The two requested that the court not only overturn the decision to postpone the march, but also to warrant the arrest of those responsible for its delay, Northern District Police Chief Shimon Coren and Umm al-Fahm Police Chief Shimon Ben-Shabo. The march had already been approved by the court over a month ago.
"Two weeks ago government supporters spoke of the disputed house in Hebron and the need to enforce the court's decision, and now everyone allows themselves to disregard the decision," said Ben-Gvir in his appeal.
"The petition was made in order to enforce the court's decision and allow us the same freedom of speech as the leftists," he added.
The demonstration, scheduled for Monday, had been postponed due to police fears the march could result in life threatening violence.
A senior police source told Haaretz on Sunday that the decision to delay the march was made following extensive assessments and meetings among the uppermost echelon of the police. He said that intelligence has been gathered over recent days indicating that violent clashes could erupt should the rightists march as planned, and potentially spill into the entire northern district.
"There was a real danger that lives could be lost," said the source. "That is why it was decided not to allow the march to proceed."
He added that the police will reassess the situation in two weeks and set a new date for the march.
Labor MK Ofir Pines-Paz said in response to the police decision "I welcome the decision to postpone the march - a dangerous provocation has been prevented."
At the end of October, when the High Court of Justice decided to allow the right-wing activists to demonstrate in Umm al-Fahm, Menashe Regional Council head Ilan Sadeh asked police to block the protest.
Sadeh said the march would seriously harm the social fabric of cooperation and tolerance between ethnic groups in the area, and was planning a counter-demonstration. "We plan to physically prevent the right-wing activists from entering Umm al-Fahm," he said.
Members of the regional council were expected to join volunteers from the Kibbutz Movement, which called on members "to come and form a human chain against the provocative acts of the extreme right."
Sadeh and outgoing Umm al-Fahm mayor Sheikh Hashem Abd al-Rahman head a forum of Wadi Ara local councils, established in the wake of the October 2000 riots that erupted in the north during the Second Intifada.
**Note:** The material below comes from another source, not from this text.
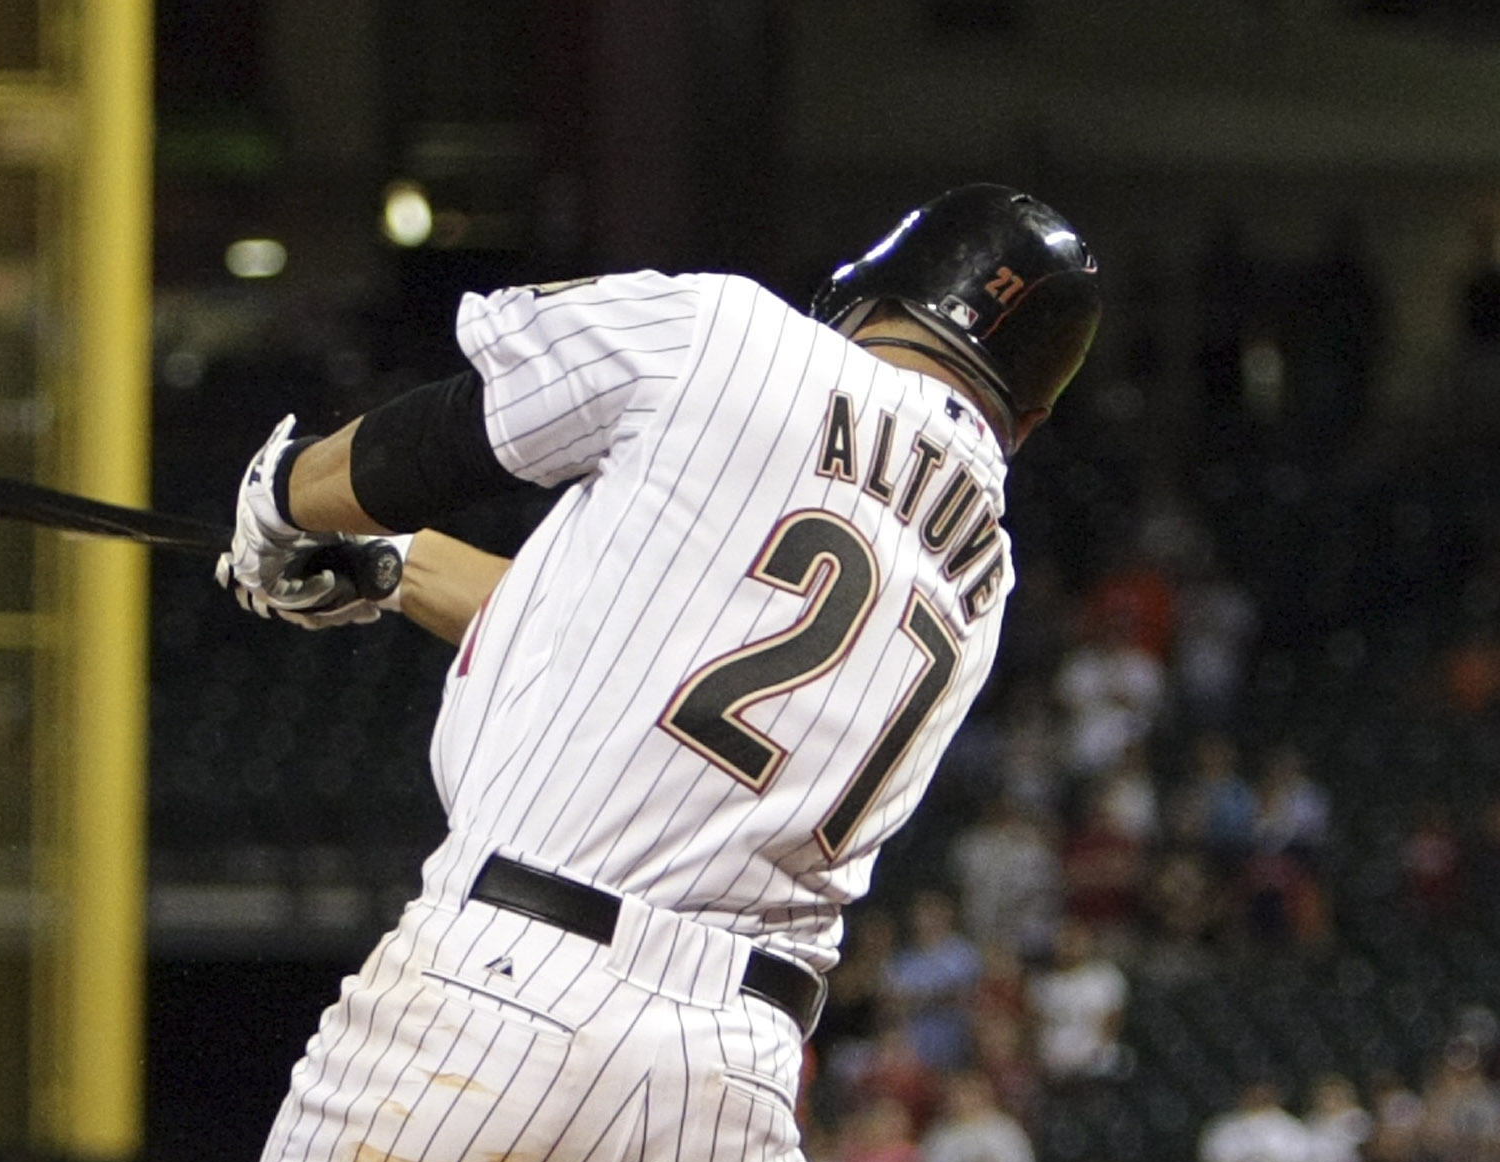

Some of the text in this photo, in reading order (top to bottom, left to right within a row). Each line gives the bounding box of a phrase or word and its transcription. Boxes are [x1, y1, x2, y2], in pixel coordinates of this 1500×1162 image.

"Cooperation between the councils in the Wadi Ara region has led in recent years to a cooperative way of life based on tolerance and mutual respect, and to development in a number of areas," said the two leaders, listing "a program to establish a cooperative industrial area, which has already received the necessary authorization, a sewage treatment facility, joint handling of environmental issues and cooperative educational activities."
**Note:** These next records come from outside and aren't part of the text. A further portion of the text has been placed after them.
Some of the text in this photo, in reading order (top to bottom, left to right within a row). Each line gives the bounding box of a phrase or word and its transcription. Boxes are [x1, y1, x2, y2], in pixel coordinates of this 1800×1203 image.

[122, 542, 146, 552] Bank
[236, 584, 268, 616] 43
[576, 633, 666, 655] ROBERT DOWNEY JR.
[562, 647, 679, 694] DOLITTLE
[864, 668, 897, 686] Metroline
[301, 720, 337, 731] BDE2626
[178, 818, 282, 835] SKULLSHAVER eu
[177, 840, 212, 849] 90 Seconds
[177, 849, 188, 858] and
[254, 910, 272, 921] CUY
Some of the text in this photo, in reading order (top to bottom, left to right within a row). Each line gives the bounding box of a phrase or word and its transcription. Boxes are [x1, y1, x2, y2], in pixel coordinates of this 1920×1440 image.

"The demonstration is like gunpowder," said Sadeh. "The rightist activists are likely to drag the area and the entire country into a violent confrontation between Jews and Arabs."
Kibbutz Movement secretary general Ze'ev Shor said, "As citizens who support peace and coexistence in Israeli society, the Kibbutz Movement is calling on its members to enlist Monday to block the racist demonstration in an effort to deepen the drive for peace, coexistence and cooperative living."
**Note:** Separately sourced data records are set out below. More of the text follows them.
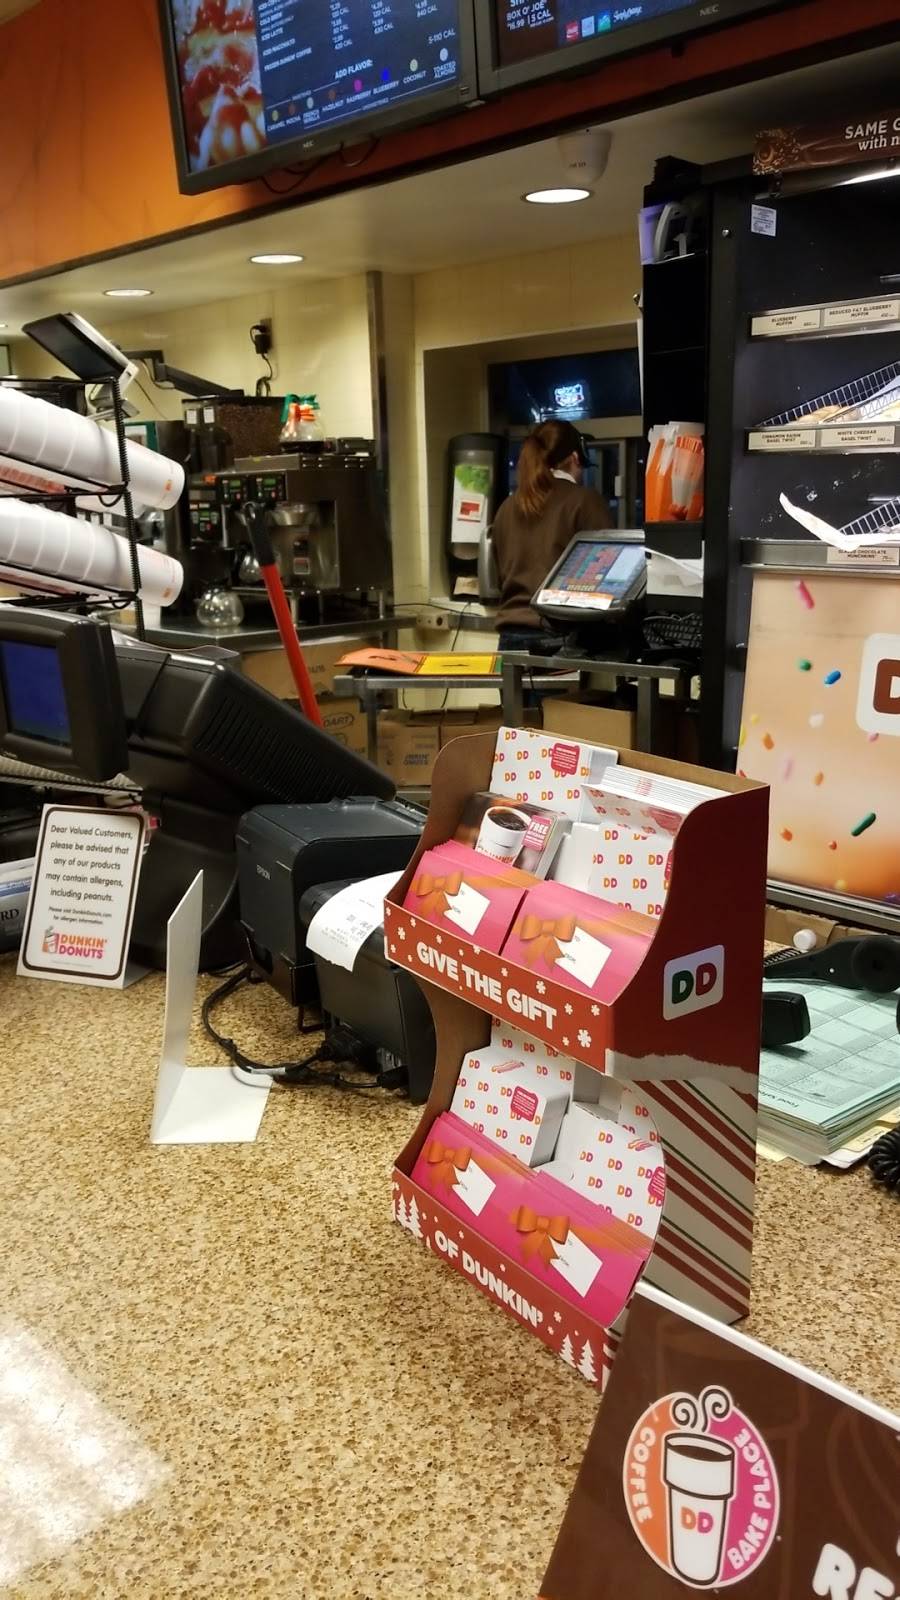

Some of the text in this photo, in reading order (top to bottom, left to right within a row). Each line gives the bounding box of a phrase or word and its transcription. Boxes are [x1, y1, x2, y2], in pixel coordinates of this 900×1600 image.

[426, 4, 438, 14] CAL
[506, 9, 521, 21] BOX
[530, 2, 546, 13] JOE
[537, 9, 552, 20] CAL
[700, 4, 720, 17] NEC
[442, 28, 456, 39] CAL
[335, 68, 348, 80] ADD
[402, 70, 427, 84] COCONUT
[373, 80, 400, 95] BLUEBERRY
[346, 90, 372, 105] RASPBERRY
[845, 119, 889, 140] SAME
[857, 134, 887, 151] with
[829, 304, 892, 316] REDUCED FAT BLUEBERRY
[771, 315, 798, 324] BLUEBERRY
[505, 731, 518, 741] DD
[517, 750, 529, 761] DD
[505, 772, 517, 782] DD
[529, 770, 542, 780] DD
[517, 792, 529, 802] DD
[541, 791, 554, 801] DD
[568, 789, 580, 799] DD
[50, 824, 134, 841] Dear Valued Customers,
[529, 821, 549, 835] FREE
[605, 830, 619, 841] DD
[50, 840, 130, 855] please be advised that
[53, 857, 122, 871] any of our products
[618, 854, 633, 865] DD
[648, 854, 664, 866] DD
[45, 872, 61, 884] may
[62, 874, 89, 884] contain
[89, 875, 125, 889] allergens,
[604, 878, 618, 888] DD
[632, 878, 648, 890] DD
[50, 887, 83, 902] including
[647, 904, 662, 915] DD
[60, 934, 108, 949] DUNKIN'
[59, 944, 104, 960] DONUTS
[416, 941, 557, 1031] GIVE THE GIFT
[671, 962, 718, 1005] DD
[502, 1039, 513, 1049] DD
[524, 1042, 536, 1053] DD
[469, 1059, 481, 1069] DD
[536, 1065, 549, 1076] DD
[560, 1070, 573, 1081] DD
[478, 1081, 489, 1092] DD
[500, 1087, 513, 1097] DD
[464, 1099, 476, 1110] DD
[487, 1104, 499, 1115] DD
[635, 1105, 650, 1117] DD
[496, 1128, 508, 1139] DD
[598, 1132, 613, 1144] DD
[519, 1134, 532, 1146] DD
[580, 1151, 594, 1163] DD
[607, 1158, 623, 1171] DD
[637, 1167, 653, 1179] DD
[588, 1176, 603, 1189] DD
[617, 1185, 633, 1198] DD
[627, 1213, 643, 1227] DD
[434, 1230, 544, 1329] OF DUNKIN'
[631, 1426, 656, 1523] COFFEE
[727, 1428, 772, 1571] BAKE PLACE
[680, 1506, 715, 1535] DD
Yoel Marshak, the head of the movement's special assignments division, said, "We will stand, Jews and Arabs, in a human chain, hand in hand, to prevent the settlers from staging this racist provocation in the streets of Umm al-Fahm."
The Umm al-Fahm municipality is set to deploy security personnel at every entrance to the city when the march takes place . Newly elected mayor Sheikh Khaled Hamadan said Saturday, "This demonstration presents a danger to relations between Jews and Arabs, to coexistence and to peace. We need to stand shoulder to shoulder, hand in hand, against it."
During the court hearing in October, right-wing activist Itamar Ben-Gvir said that as long as the court allows left-wing activists to protest outside of houses in the Jewish quarter of Hebron, then rightists must be allowed to march in Umm al-Fahm.